Weekly Meeting Locations

Location of our weekly Wednesday luncheon has changed many times in our history.  The original meeting space was the Lenawee Hotel where the club charter night was held.  In the fifties and sixties, the club met at the Eagles on North Winter Street but in the early 1970’s met for a few years at the Moose Club.   We then moved the meeting to the Kiwanis Community Room of the YMCA where we stayed for about 20 years.  In that time, we made a concerted effort to grow the club from 75 members to 100 members since the meeting room could support that size.  The YMCA needed to create a Fitness Center and converted the purpose of the room thus forcing us to look for new quarters.

Beginning in January of 1994, we met at the Secret Garden, a hall in the downtown area of Adrian and while there considered the purchase of the old Odd Fellows Building that would have been our first self-owned and operated meeting space.  The club decided not to enter the hall business and soon the meeting location was moved to the Christian Family Center where we continue to meet.

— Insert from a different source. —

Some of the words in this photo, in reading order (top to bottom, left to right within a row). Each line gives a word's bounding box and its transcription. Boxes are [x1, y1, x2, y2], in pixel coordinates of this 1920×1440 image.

The Club was initially a men’s organization but Kiwanis International eventually approved female membership.  Our club has been graced by many women members and several have served on significant committees and as Directors.  Pam Payne Fraley was our first woman president.

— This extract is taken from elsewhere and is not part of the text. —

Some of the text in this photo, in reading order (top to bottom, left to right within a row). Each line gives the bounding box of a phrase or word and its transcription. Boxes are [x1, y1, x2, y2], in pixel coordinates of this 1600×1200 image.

In 2013 we began to focus our purpose more clearly with an introspective self-analysis and critique process. We completed strategic planning to more clearly establish our goals and purposes. We created a club statement and goals as follows:

The Kiwanis Club of Adrian intentionally takes action to positively impact our community. We envision a club united in service, building a vibrant community, while preserving our heritage.

OUR GOAL: positively impact the Adrian Community by:

Supporting development for youth and families.

Supporting health, wellness and recreation.

Though we have different surroundings, our enthusiasm, purpose and goals remain the same, to best serve our community, to assist children and senior citizens, and to make the Adrian community a better place to live.

Kiwanis is a worldwide organization that is found on every continent and in nearly every country in the free world. We find strength in our numbers to bide with our original motto, “We Build” and more recently “Serving the Children of Our World”.